A Publication of WTVP

With the tax season just around the corner, now is a good time for businesses to determine which type of financial service may be needed. When determining which type of financial reporting service your business may require from an accountant, you should first understand the three levels of service that can be performed— compilation, review or audit.

A compilation involves no testing. The accountant will only format information provided by a company into a financial statement format. If you chose to use a compilation, be aware that the accountant is not responsible to assess the accuracy of any of the information presented. However, in performing the compilation, the accountant may correct any glaring errors found and discuss them with the company.

A review is considered negative assurance. The accountant performs an inquiry and an analytical review but does not test or confirm supporting figures and disclosures related to the financial statements. The procedures for a review are significantly more complex than those performed in preparing a compilation; however, they are significantly less complex than the procedures performed for an audit. During a review, the accountant does not give an opinion and the financial statements are prepared to conform to generally accepted accounting principles. The accountant may state that he or she is not aware of any misstatements of figures based upon the limited procedures performed.

An audit is the highest level of service a CPA firm can perform on a financial statement. The accountant states that he or she believes the financial statement fairly represents the company’s financial position as of a specific date, and that the results of operations and cash flows for the preceding period conform to generally accepted accounting principles. The accountant is required to perform certain procedures, obtain third-party verification and inquire of specific parties related to the financial statements. The fee for an audit is significantly more than for a compilation or review.

Factors to Consider
When considering if an audit should be performed, there are a few questions to be answered: Who will be using the financial statements? What type of reliance will the user place on the financial statements? Does the business have debt agreements that require a certain level of service?

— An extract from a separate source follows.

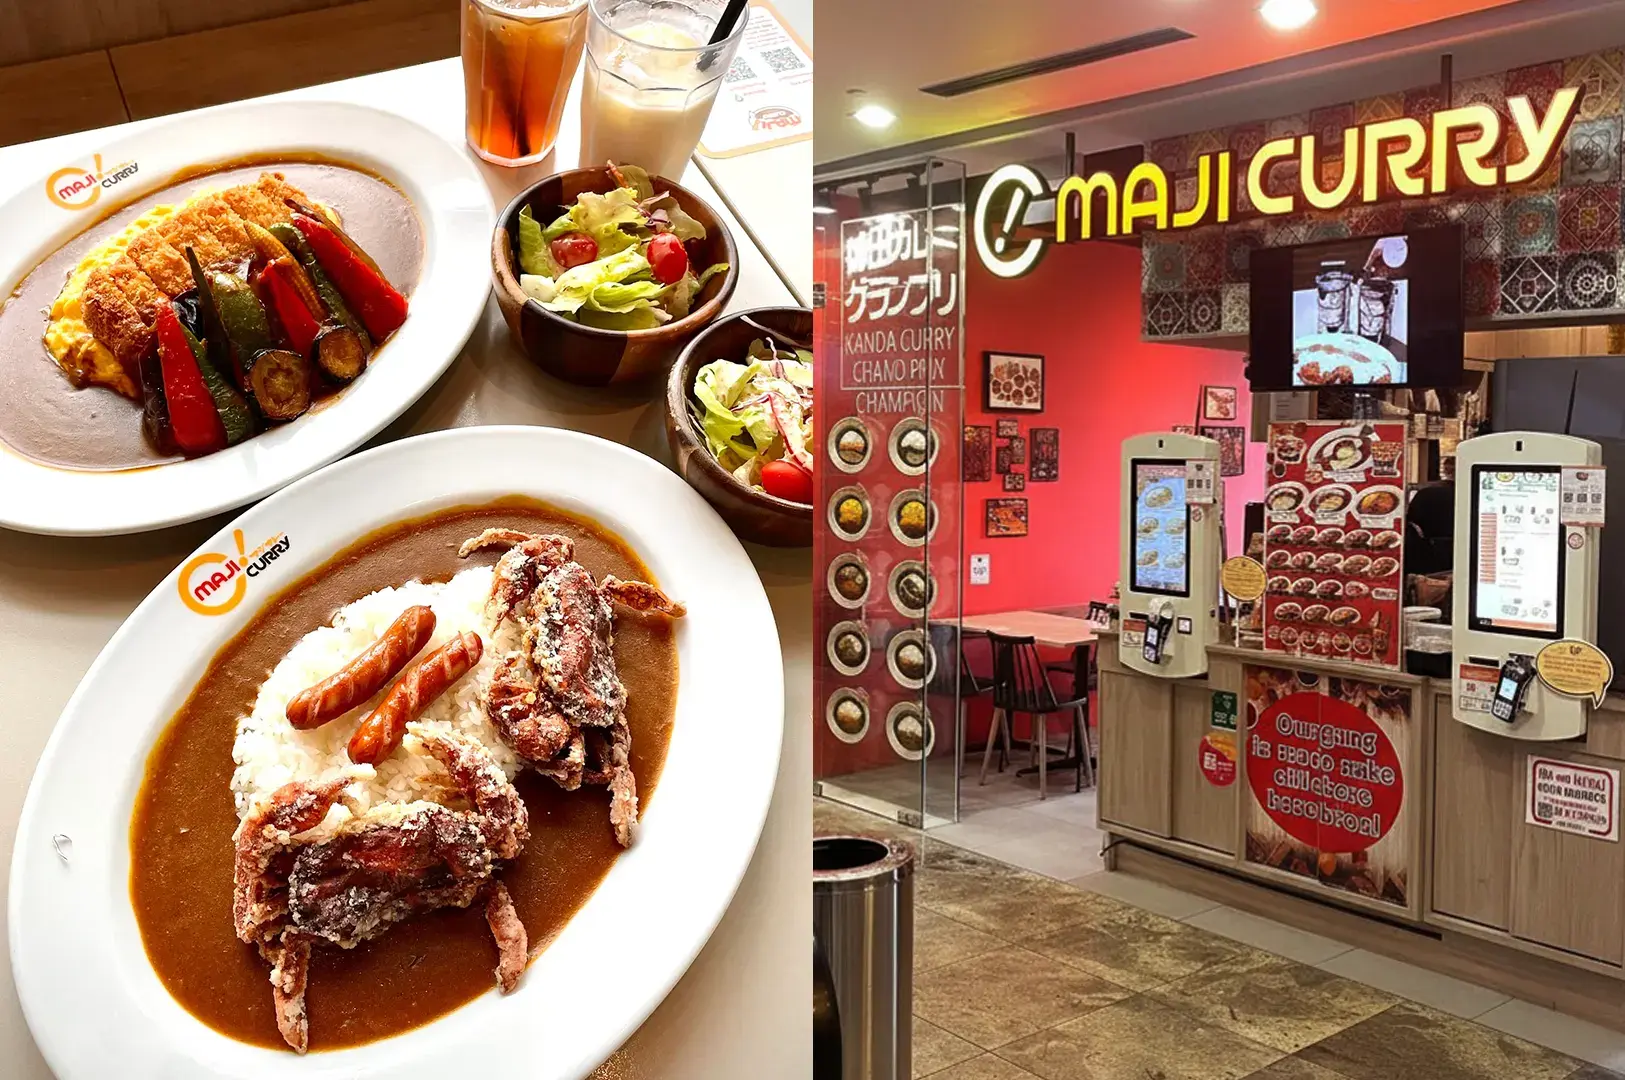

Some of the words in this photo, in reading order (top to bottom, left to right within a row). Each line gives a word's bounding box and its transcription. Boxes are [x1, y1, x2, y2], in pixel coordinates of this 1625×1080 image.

The answers to these questions should help in determining which service should be performed. Although an audit may not be required by an outside party, companies often will choose to proceed with an audit in response to fiduciary responsibilities.

For example, an organization is planning a fund drive and the donors want to know how the money was used. As a response to the fiduciary responsibilities for solicited contributions, organizations will submit audited financial statements to their donors. Another example is an owner who is considering selling or merging a business. Putting together unbiased financial information can reduce perceived risk and enhance value on the part of a prospective buyer. Either an audit or a review could be performed in this situation. While the higher level of service is more costly, the investment may pay off in the form of increased value and a higher selling price.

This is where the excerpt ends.